The new movie “The Drama” starring Robert Pattinson as Charlie and Zendaya as Emma starts out as a typical relationship, engagement, and eventual marriage, but soon degrades into an uncomfortable, strange and very risky direction, where, during a “Truth or Dare” Emma tells her husband and two friends about a thought she had at age 15, where she was considering killing her fellow students in a school sdhooting. Clearly, if there had been any recent school shooting in the United States, this movie would not have been released on April 3, 2026, if ever. I was amazed that a screenplay like this was greenlit and two famous and very bankable stars like Pattinson and Zendaya agreed to act in this movie, considering the extremely sensitive subject of school shootings. Every time we all think that we have not seen a school shooting in a while, this is when another one or several more happen again.

The rest of this story is about the problems that Emma and Charlie understandably have in their relationship after this horrendous revelation about Emma is known. Another way of looking at this story is, why would Emma ever admit to anyone that she had sick thoughts of shooting many school children when she was 15 years old?

There is a major climax during Charlie and Emma’s wedding, and I remember wondering why they got married, considering Charlie’s many episodes of huge doubt about Emma’s mental health.

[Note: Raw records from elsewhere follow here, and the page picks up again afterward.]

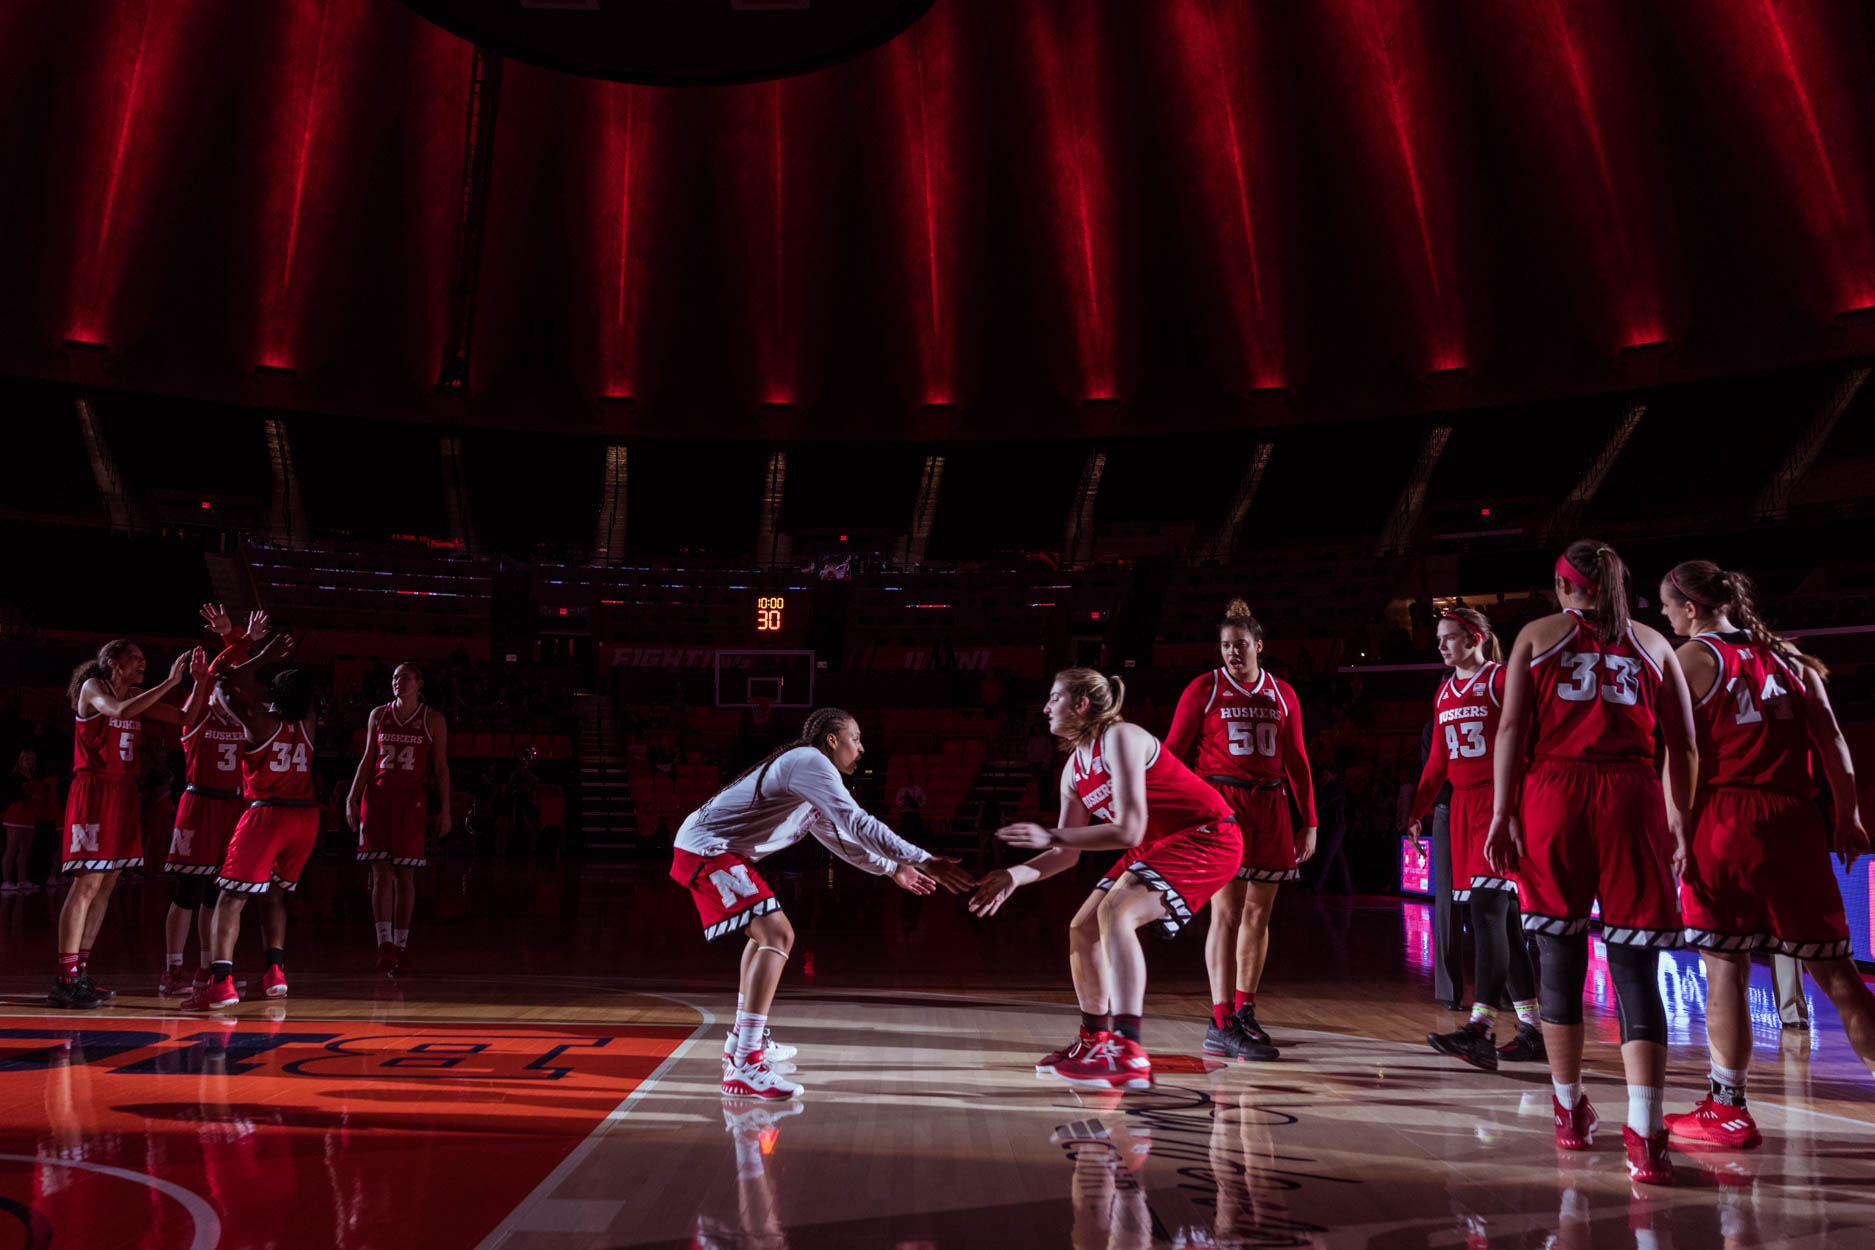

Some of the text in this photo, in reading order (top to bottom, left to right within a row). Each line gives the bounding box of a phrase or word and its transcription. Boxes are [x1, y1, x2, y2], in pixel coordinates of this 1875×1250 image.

[757, 597, 784, 610] 10:00
[757, 610, 781, 631] 30
[1557, 650, 1642, 707] 33
[1220, 707, 1281, 721] HUSKERS
[1726, 673, 1795, 725] 14
[119, 731, 135, 762] 5
[204, 729, 246, 741] HUSKER
[378, 732, 423, 746] HUSKERS
[1227, 721, 1278, 757] 50
[1445, 720, 1487, 760] 43
[217, 743, 238, 772] 3
[269, 741, 308, 773] 34
[379, 744, 416, 771] 24
[69, 823, 100, 854] N
[168, 828, 196, 857] N
[708, 864, 760, 909] N

The Rotten Tomatoes are a way too high 79%, with my rating at 50%, mainly for the very bad premise of this movie, which does not give respect to the many victims of school shootings in this country. This film is another one to miss.

Movie Review: Challengers


The new movie “Challengers” is a movie about 3 tennis players, Tashi Donaldson, a top woman tennis player played by Zendaya, Patrick Zweig played by Josh O’Connor and Art Donaldson played by Mike Faist, who are up and coming and in the case of Zweig a struggling-living-in-his car tennis pro.

The story is about a bi-sexual love triangle about the 3 tennis players, with Tashi, after a major leg injury helping to train at different times, both Donaldson and Zweig. The most obvious big problem with this film is the constant and insane flashbacks. From 9 months earlier to 13 years earlier, to the present day, to ahead 3 months, way too many times There was never a thought just to tell this story sequentially. This many flashbacks are just annoying and frustrating to watch.

There is also no measurable and contiguous story, just a series of disconnected scenes that lead to one of the worst endings I have ever seen. For this movie, the relatively high ratings make no sense, but we have all seen that before, “Poor Things”, and the horrendous, “Everything Everywhere All At Once” are just two insane examples of horrible movies that the critics graded highly. Within the first hour, I was already into “watch-looking” mode, waiting for this all to be over. There is some good acting, mostly wasted by a very bad screenplay.

The Rotten Tomatoes 88% rating is way too high, with the audience rating a more understandable 75% and my rating only 60% only for some of the acting, with this one a major miss.